Problem description ▸
Print the entries underneath word for word, omitting whatever pictures they contain.

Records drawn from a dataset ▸
■ ■ ■ ■ ■
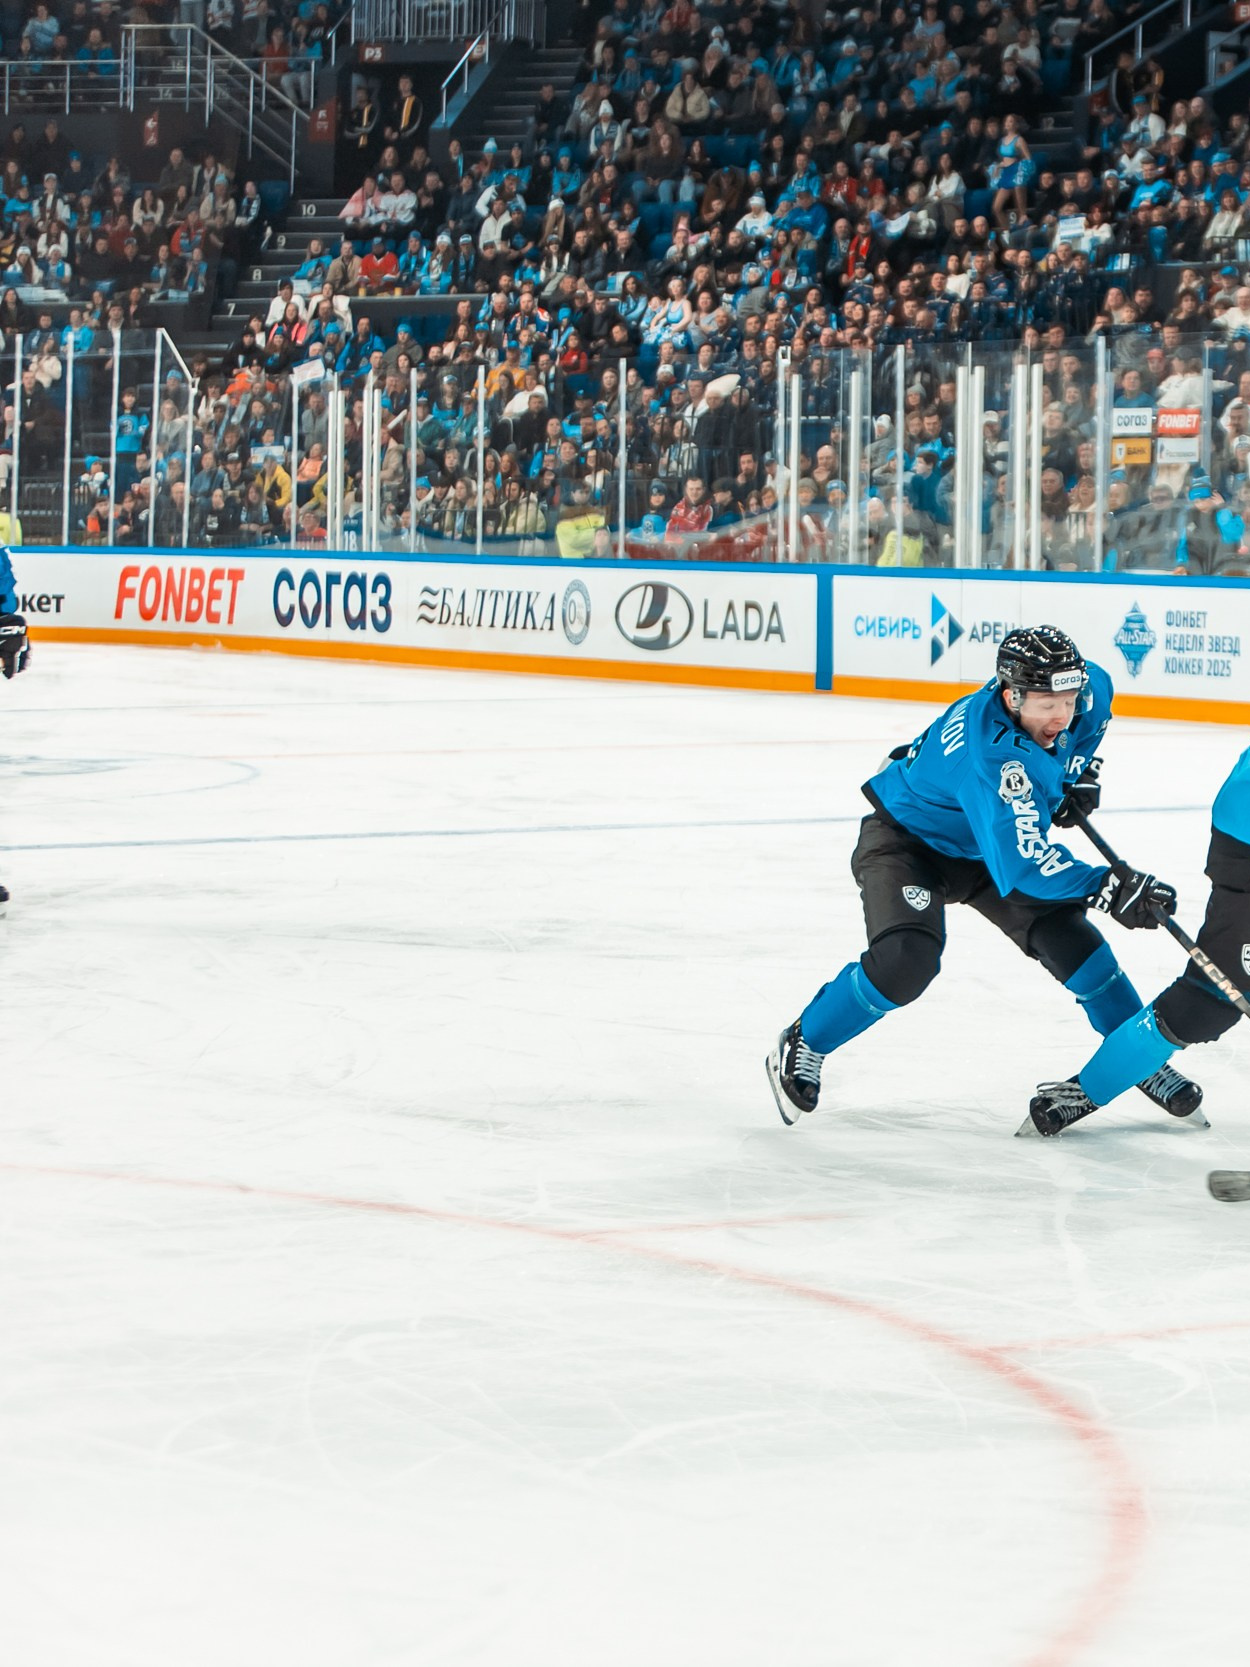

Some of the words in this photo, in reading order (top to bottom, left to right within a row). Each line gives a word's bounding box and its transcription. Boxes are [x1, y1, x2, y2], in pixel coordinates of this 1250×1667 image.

[302, 204, 316, 216] 10
[277, 235, 286, 247] 9
[252, 269, 262, 281] 8
[227, 303, 236, 317] 7
[1159, 414, 1199, 428] FONBET
[114, 565, 245, 625] FONBET
[437, 586, 556, 631] БАЛТИКА
[1166, 610, 1207, 628] ФОНБЕТ
[703, 598, 787, 643] LADA
[854, 614, 922, 640] СИБИРЬ
[968, 621, 1023, 644] АРЕН
[1165, 633, 1204, 653] НЕДЕЛЯ
[1208, 635, 1240, 656] ЗВЕЗД
[1164, 656, 1203, 676] ХОККЕЯ
[1206, 659, 1232, 677] 2025
■ ■ ■ ■ ■
Response box ▸
Some of the words in this photo, in reading order (top to bottom, left to right within a row). Each line gives a word's bounding box and its transcription. Boxes are [x1, y1, x2, y2], in pixel coordinates of this 1250×1667 image.

[302, 204, 316, 216] 10
[277, 235, 286, 247] 9
[252, 269, 262, 281] 8
[227, 303, 236, 317] 7
[1159, 414, 1199, 428] FONBET
[114, 565, 245, 625] FONBET
[437, 586, 556, 631] БАЛТИКА
[1166, 610, 1207, 628] ФОНБЕТ
[703, 598, 787, 643] LADA
[854, 614, 922, 640] СИБИРЬ
[968, 621, 1023, 644] АРЕН
[1165, 633, 1204, 653] НЕДЕЛЯ
[1208, 635, 1240, 656] ЗВЕЗД
[1164, 656, 1203, 676] ХОККЕЯ
[1206, 659, 1232, 677] 2025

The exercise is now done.